I met with my orthopedic surgeon a few months after the incident, and we started to discuss what had happened.  As he began to share with me what that day was like for him, he became overwhelmed with emotion and struggled to continue.  Seeing a member of the care team express their suppressed feelings towards the matter led me to realize that this event didn’t just affect my family and me but the care team as well.

It was time to make some decisions. The first being, that I would not pursue litigation.  My reasoning was quite simple – I was alive. I didn’t have any lingering physical problems, and I thought my family and I had been through enough.  The second decision I made was to “get back on the horse” and reschedule surgery.  I then called Dr. van Pelt so I could let him know that I didn’t blame him and that I believed this was a truly unanticipated outcome. this conversation which was extremely healing for me and enabled me to move on.

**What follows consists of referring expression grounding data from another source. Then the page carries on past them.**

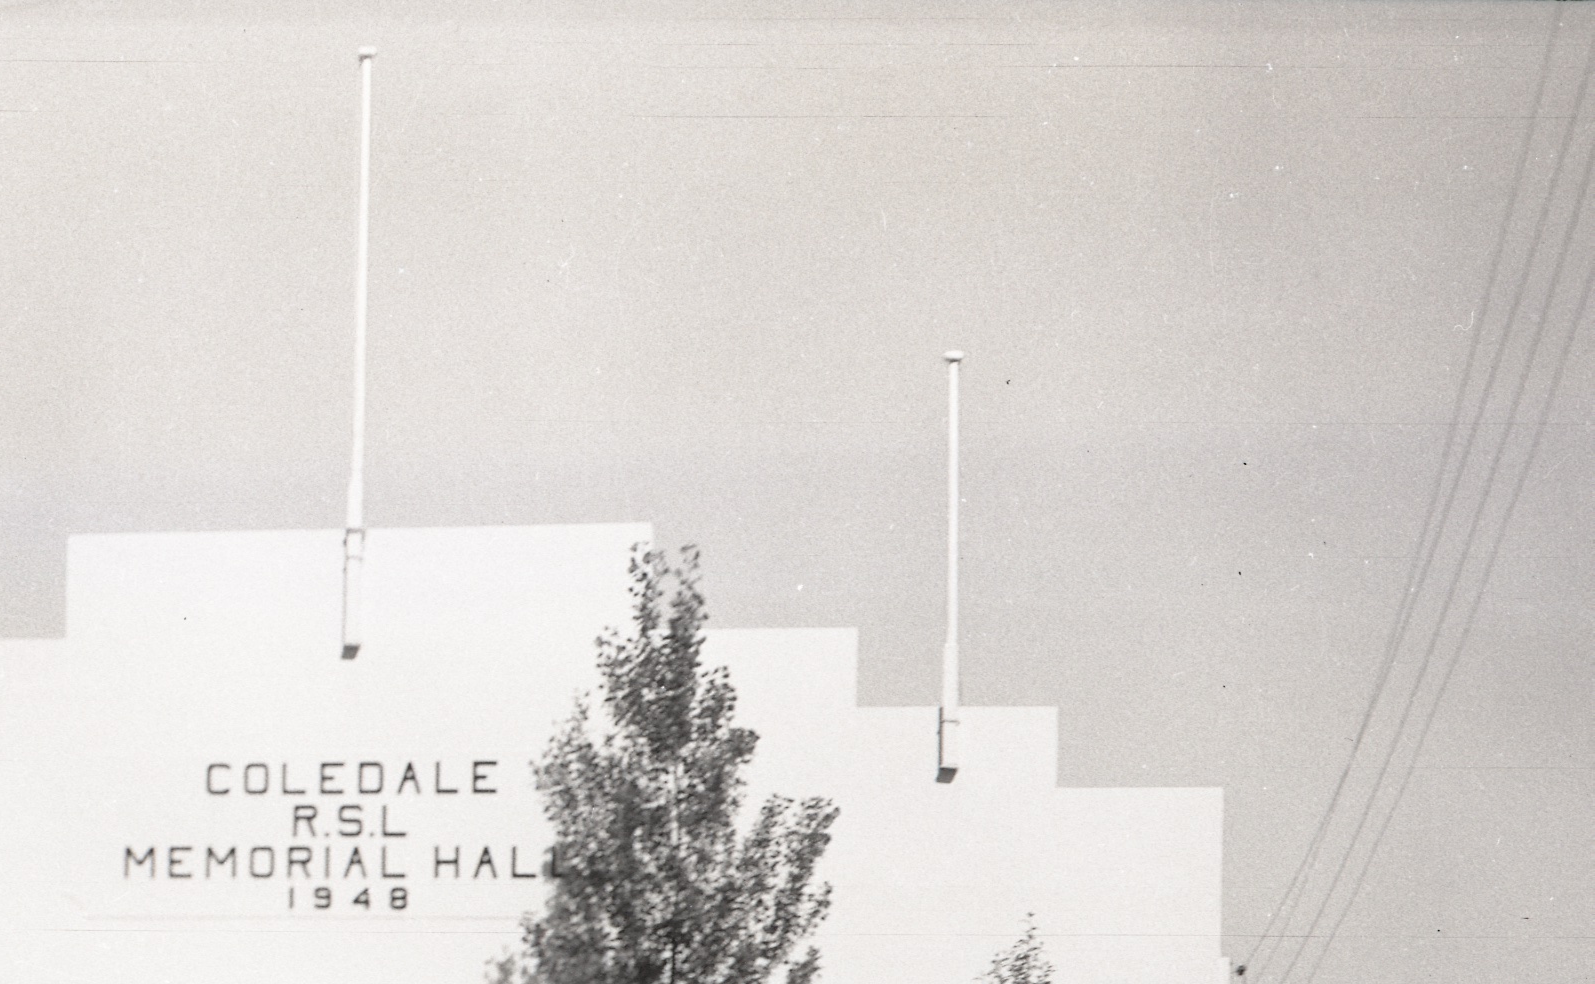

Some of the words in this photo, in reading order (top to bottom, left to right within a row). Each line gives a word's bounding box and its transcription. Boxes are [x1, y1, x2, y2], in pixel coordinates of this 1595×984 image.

[206, 760, 498, 795] COLEDALE
[292, 804, 408, 838] R.S.L
[124, 845, 407, 879] MEMORIAL
[433, 845, 566, 879] HALL
[288, 886, 408, 910] 1948

I began to realize that this was bigger than me.  More than likely, other patients and families as well as clinicians were not being emotionally supported following unexpected outcomes and medical errors.  It became clearer that there were many reasons for this (fear of litigation, the healthcare culture, no infrastructure for emotional support, etc.).   I felt compelled to change the system which had failed me.  I experienced an incredible sense of responsibility because I was one of the lucky ones to have survived. This h ole in the system needed to be filled.

MITSS was incorporated in June of 2002 out of the crucial need to create awareness and educate patients, families, and the healthcare community about the emotional impact following adverse events.  Our mission is “To Support Healing and Restore Hope” to all those impacted by unexpected medical outcomes.  We have been proud to offer direct support services through our patient and family educational support groups.  We are available through a toll free number (1-888-36MITSS).  MITSS has actively sought partnerships with healthcare institutions as our goal is to affect a more compassionate culture and foster an atmosphere of mutual respect as well as open and honest communication.

It has been an incredible journey.  I have come to know many others whose experiences mirror my own.  I have spoken to hundreds of patients and family members as well as clinicians who have found themselves on the “sharp end” of an adverse event.  I understand their pain and frustration with the system which does not yet adequately support them.  Their stories serve to inspire me and reaffirm the fact that there is still much work to be done.  The fact remains — even in the safest of healthcare systems, things can and do go wrong.

MITSS was founded so that traditional barriers could be broken down.  My goal is that others do not face the “wall of silence” that I did back in 1999.  We sincerely hope that MITSS can be of service to you.